| WHAT TO WORK ON |
Write down the listing again exactly as it appears below, without its pictures.
--
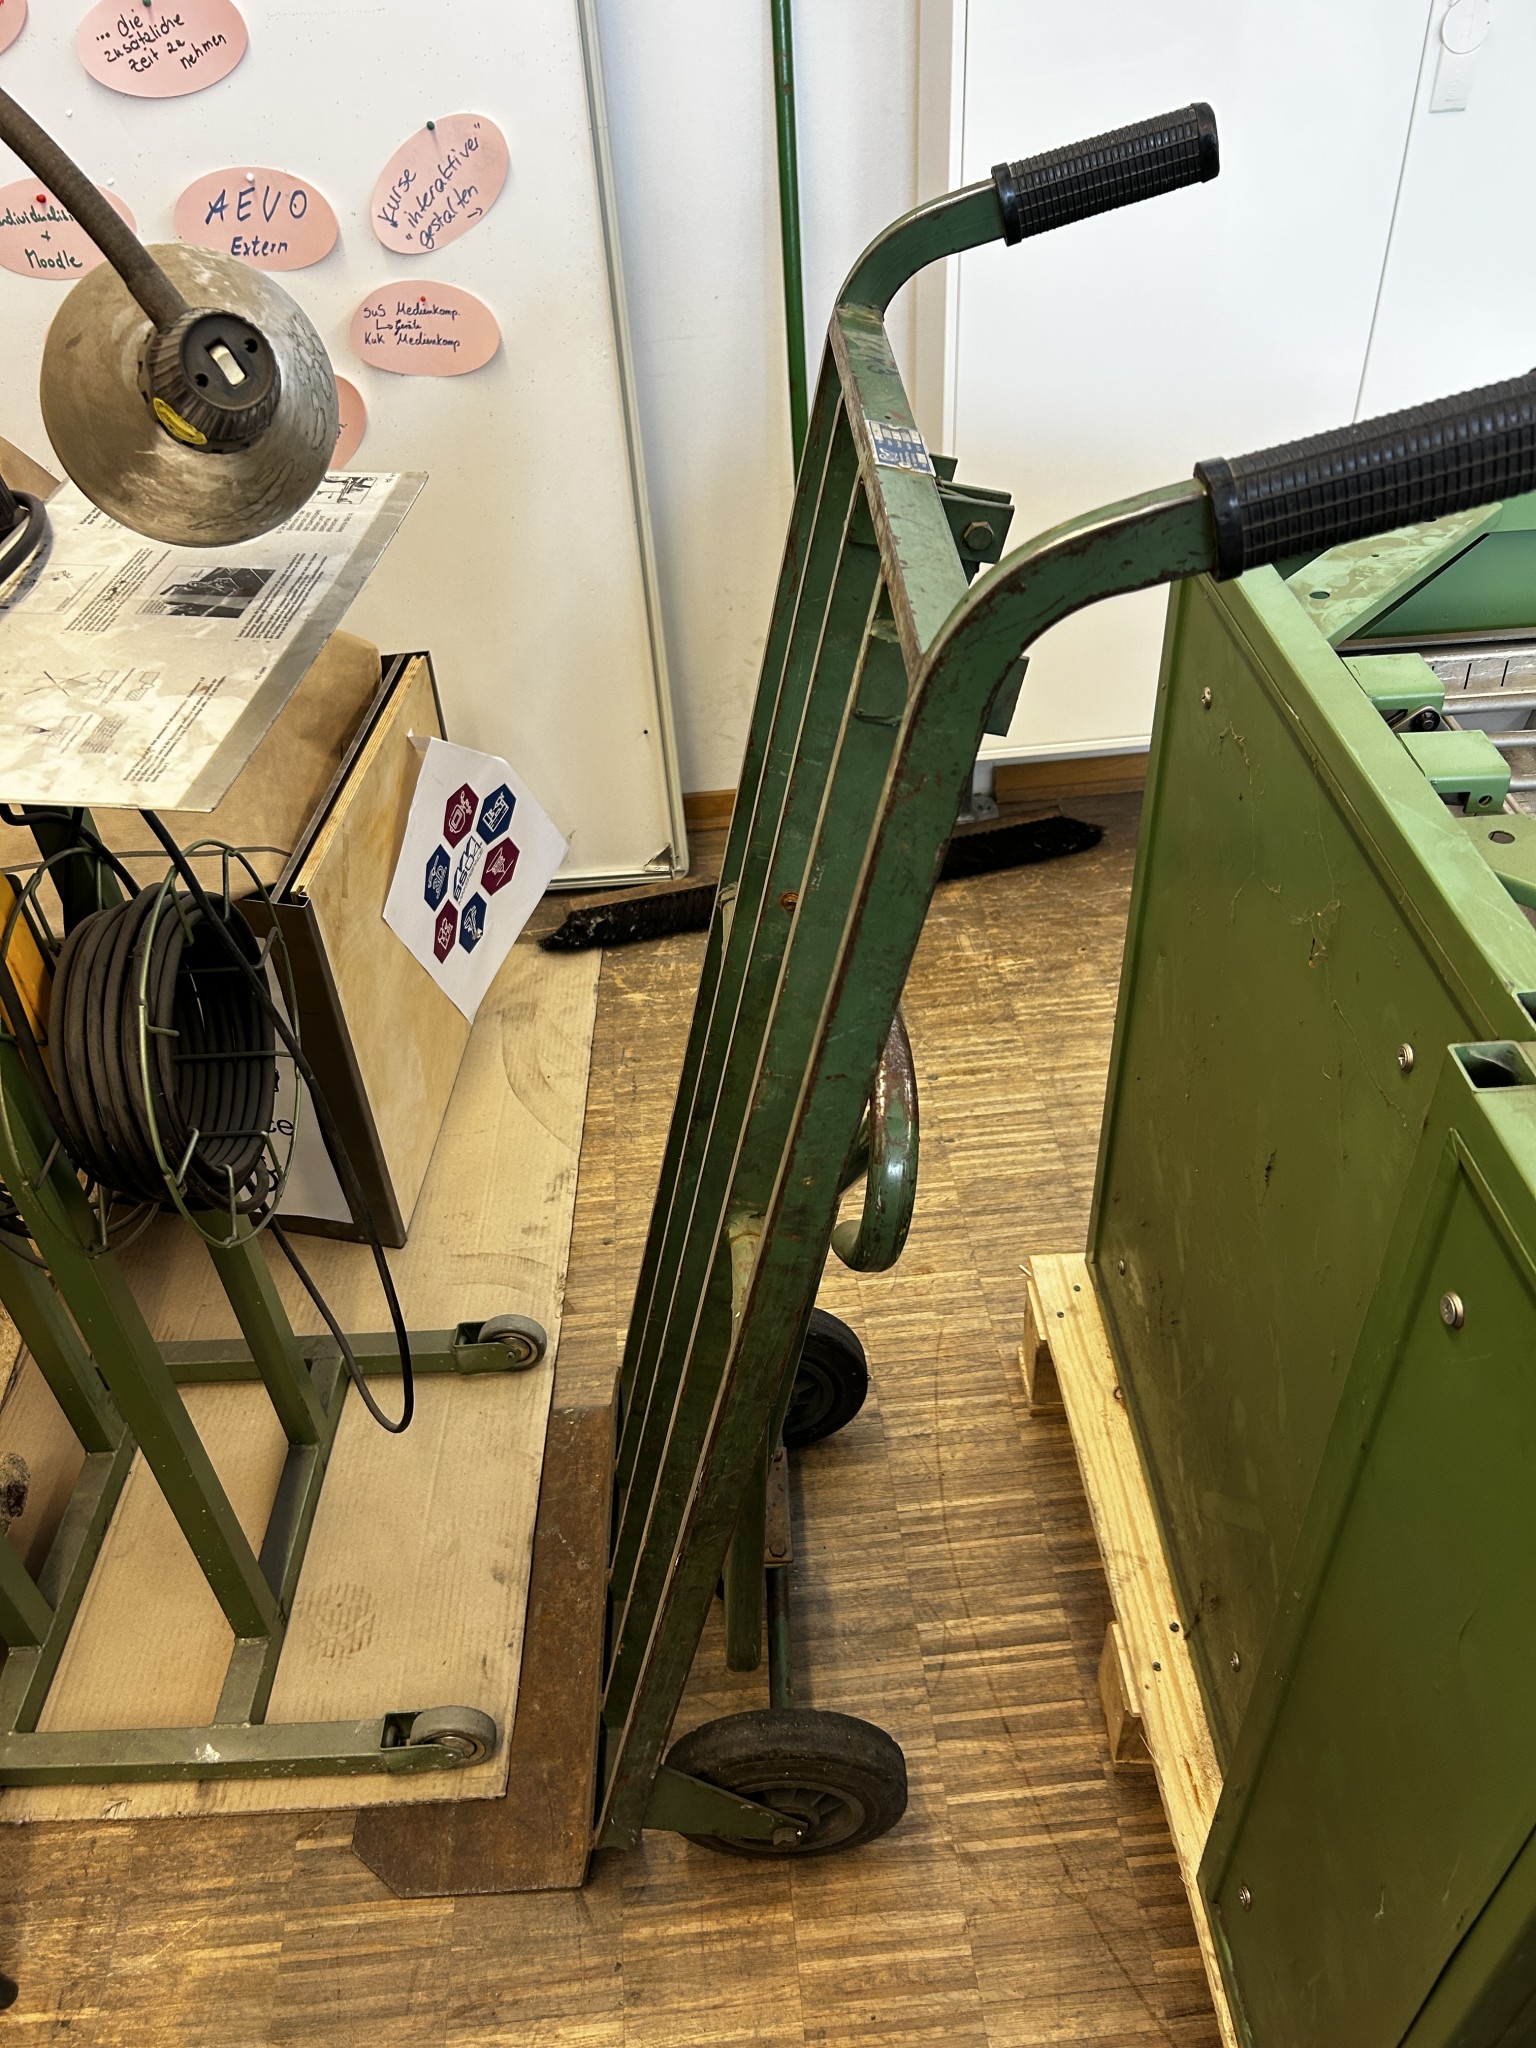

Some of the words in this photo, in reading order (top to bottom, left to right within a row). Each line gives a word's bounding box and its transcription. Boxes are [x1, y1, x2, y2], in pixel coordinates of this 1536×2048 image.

[117, 9, 143, 38] die
[180, 33, 227, 70] nehmen
[204, 185, 308, 225] AEVO
[420, 185, 479, 249] gestalten
[24, 248, 83, 270] Moodle
[230, 235, 288, 257] Extern
--
| RESPONSE TO THE TASK |
Some of the words in this photo, in reading order (top to bottom, left to right within a row). Each line gives a word's bounding box and its transcription. Boxes are [x1, y1, x2, y2], in pixel coordinates of this 1536×2048 image.

[117, 9, 143, 38] die
[180, 33, 227, 70] nehmen
[204, 185, 308, 225] AEVO
[420, 185, 479, 249] gestalten
[24, 248, 83, 270] Moodle
[230, 235, 288, 257] Extern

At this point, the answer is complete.